Tuesday, September 14, 2010


So, I was talking to a dear friend of mine about... well, you know, random friend stuff, when this exchange came up:

I guess you can't really put a price on the love of a child (though I'm sure Futurama made a reference to it.)

... Actually, you totally could.

The way you do it experimentally?

You would have to determine what people are willing to give up for the love of a child. For instance: a promotion? A car? Etc.

That puts a dollar value on a child's love the same way it does on a Big Mac - you can completely quantify it. Of course, each child's love is a highly differentiated product due to physical, locative and branding concerns along with the unique preference sets of each adult, so it would be hard to make, like, predictive models. But on a small scale, it totally holds up.

Probably all four people reading this blog already know that I'm very close to a Bachelor's of Science in Economics, having jumped ship from Accounting.

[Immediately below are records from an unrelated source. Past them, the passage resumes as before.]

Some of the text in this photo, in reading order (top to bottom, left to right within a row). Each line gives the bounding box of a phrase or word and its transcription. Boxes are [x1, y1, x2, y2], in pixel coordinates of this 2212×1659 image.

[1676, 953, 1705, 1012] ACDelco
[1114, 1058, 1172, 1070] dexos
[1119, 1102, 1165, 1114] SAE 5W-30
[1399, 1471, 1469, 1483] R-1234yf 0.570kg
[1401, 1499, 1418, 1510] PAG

Here's the funny thing about it, though:

Nobody seems to really understand what economists actually do. We get lumped in with business guys, because, hey, we all wear suits and talk about money a lot.

It's a whole different thing, though.

Economics is the formal study of choice: that is, how people should allocate resources when they want more than they have. Money's a useful way of comparing two unrelated things, (in fact, this is one of the required properties of anything to be money), but it's really not the point.

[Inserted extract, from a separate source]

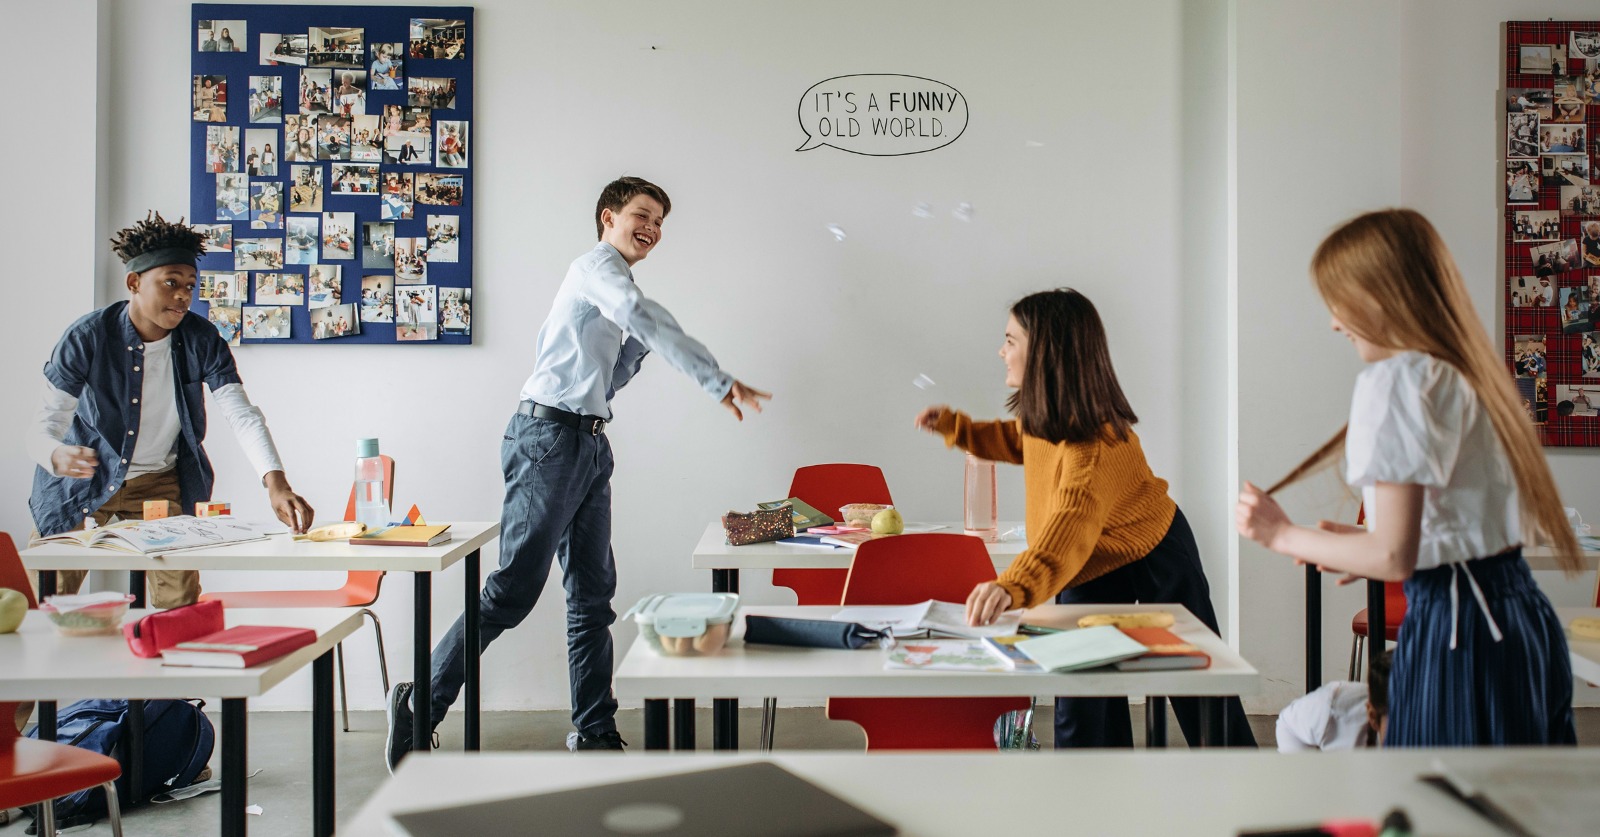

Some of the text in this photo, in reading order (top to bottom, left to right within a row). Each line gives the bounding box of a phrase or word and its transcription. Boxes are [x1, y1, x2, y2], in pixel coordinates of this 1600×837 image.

Anyway, one of the most fundamental concepts in the whole field is that of opportunity cost.

You can always tell what something is worth to a person by what they're willing to sacrifice in order to have it.

Anyway, I'd better get back to the grind, but I wanted to share that thought while it was fresh in my head. I'll try to share more detailed thoughts about economics later. Oh, and do the other blog entries I promised about narrative. :)

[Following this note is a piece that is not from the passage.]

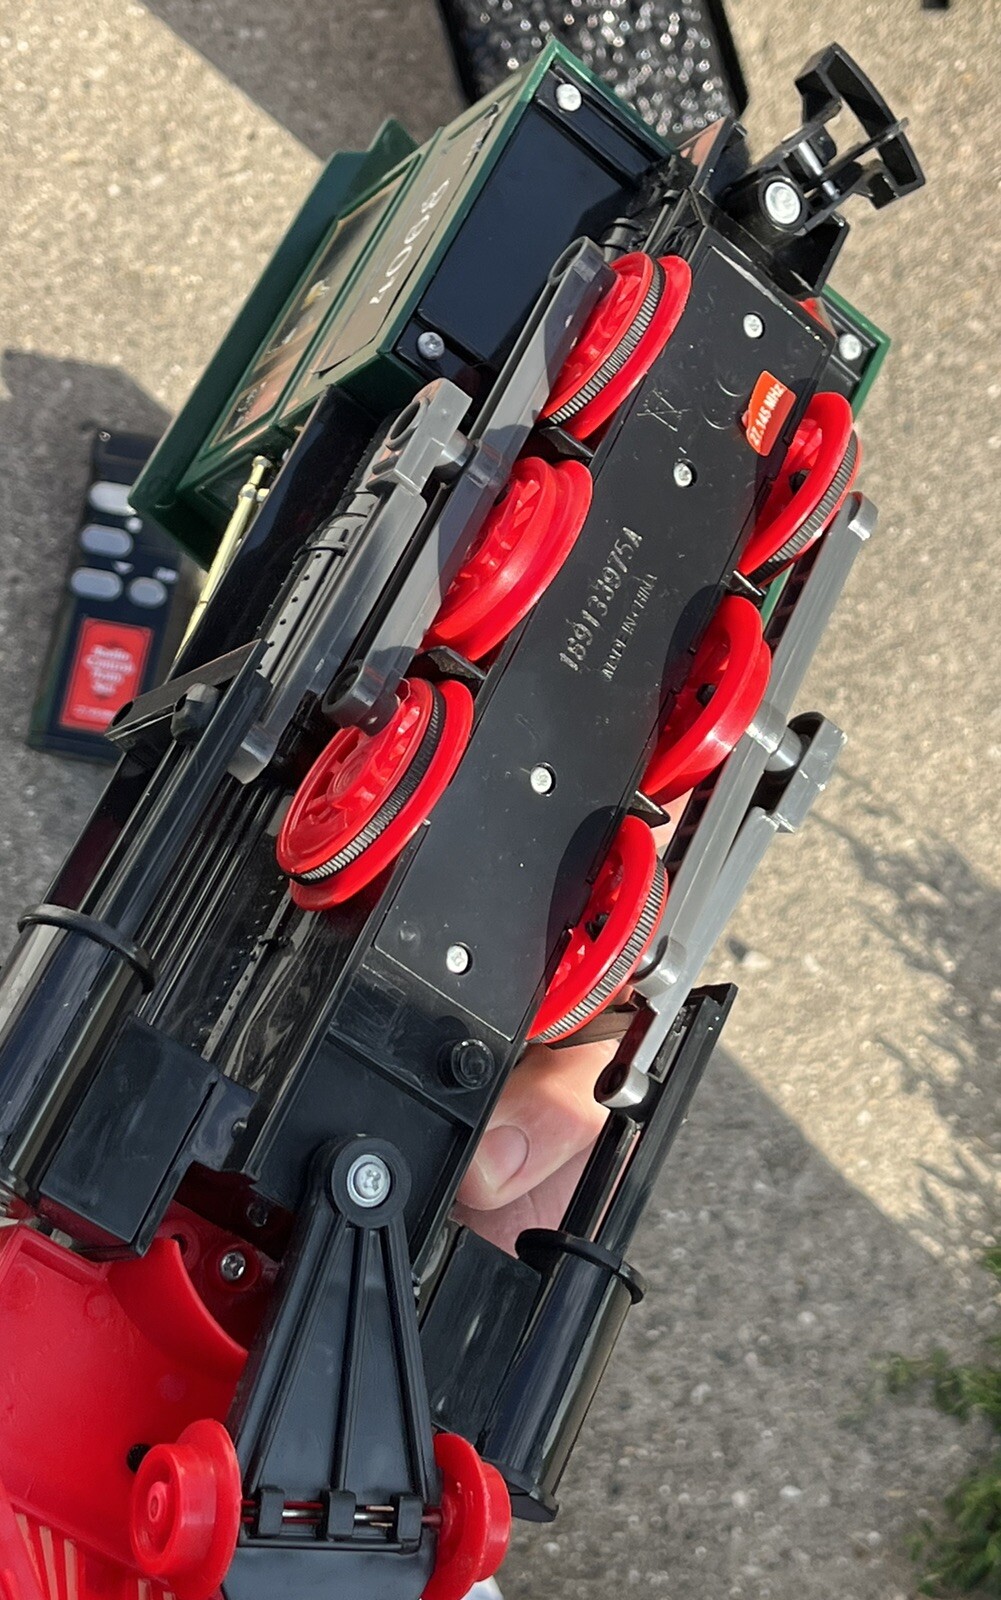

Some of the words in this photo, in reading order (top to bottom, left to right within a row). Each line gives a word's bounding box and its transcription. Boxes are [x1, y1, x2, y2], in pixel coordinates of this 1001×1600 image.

[749, 406, 772, 447] 27.145
[763, 383, 787, 410] MHz
[621, 616, 638, 635] IN

Wednesday, September 1, 2010

Boards & Pieces

This'll be a short one. I'm heading off to Dragon Con in a couple of days, and I have a million things to do. Just wanted to sneak this in before I left town, because it's been bothering me.

Last time, I wrote about how to combat writer's block if you're already underway. I stand by that advice: it's precisely the method I used to get over my problem that day. However, I may have been getting a little ahead of myself. The first hurdle anyone faces when they're writing or telling a story is the first line, not somewhere in the middle. I'm sure you've all been there: just you and a blank page, either on paper or a computer screen, and... it's very intimidating. You're probably armed with a dim idea of what you'd like the finished product to look like, but you don't have any idea of how to get from here to there.

Getting over that is, well, the difference between telling your story and not, so I'm going to devote a series of posts to the whole thing, hopefully offer some things to think about.

Now, the classic method is to have a pretty good idea of what you're after before you ever start writing: get yourself an outline, profile your characters... get a skeletal version done and fill in the details. As with my last advice about writing, I'm going to go ahead and advise you to Google if you're interested in hearing more about doing things that way. Lots of people have already covered that ground better than I could ever hope to.

Instead, I'm going to focus on my method of improvisation, informed by experience with collaborative storytelling in games. Just to get the whole thing going, that's exactly what I'm doing when I write: I imagine that I'm playing a game, like in the Solitaire example, and I narrate the various twists and turns. Except it's more like solo chess than cards. You need everything a board game would:

Some Pieces:

That is, characters and other large plot elements (MacGuffins, etc.) that are 'movable.' They can make or affect decisions, and their capabilities and ranges of motion will differ from piece to piece.

The Board:

That is, the space that the characters and other important plot elements occupy. This can range from the simplicity of a single room to elaborate stellar empires.

The Rules:

Basically, how these elements interact with each other. How can the pieces move around the board? Are there shortcuts, like transporters on Star Trek? How can the characters influence each other? By what reasoning will you solve the problem of two characters who come into verbal or physical conflict?

Of course, I don't write all this stuff down. That'd be... well, horribly silly. But this is my personal metaphor for what I'm doing: I really think about storytelling in terms of a series of discrete plot elements and how they interact with each other in a particular space, then try to reason out what happens next given that information. This is why the whole exercise is fun for me: I can't know how it'll turn out until I've done it, except in the broadest terms.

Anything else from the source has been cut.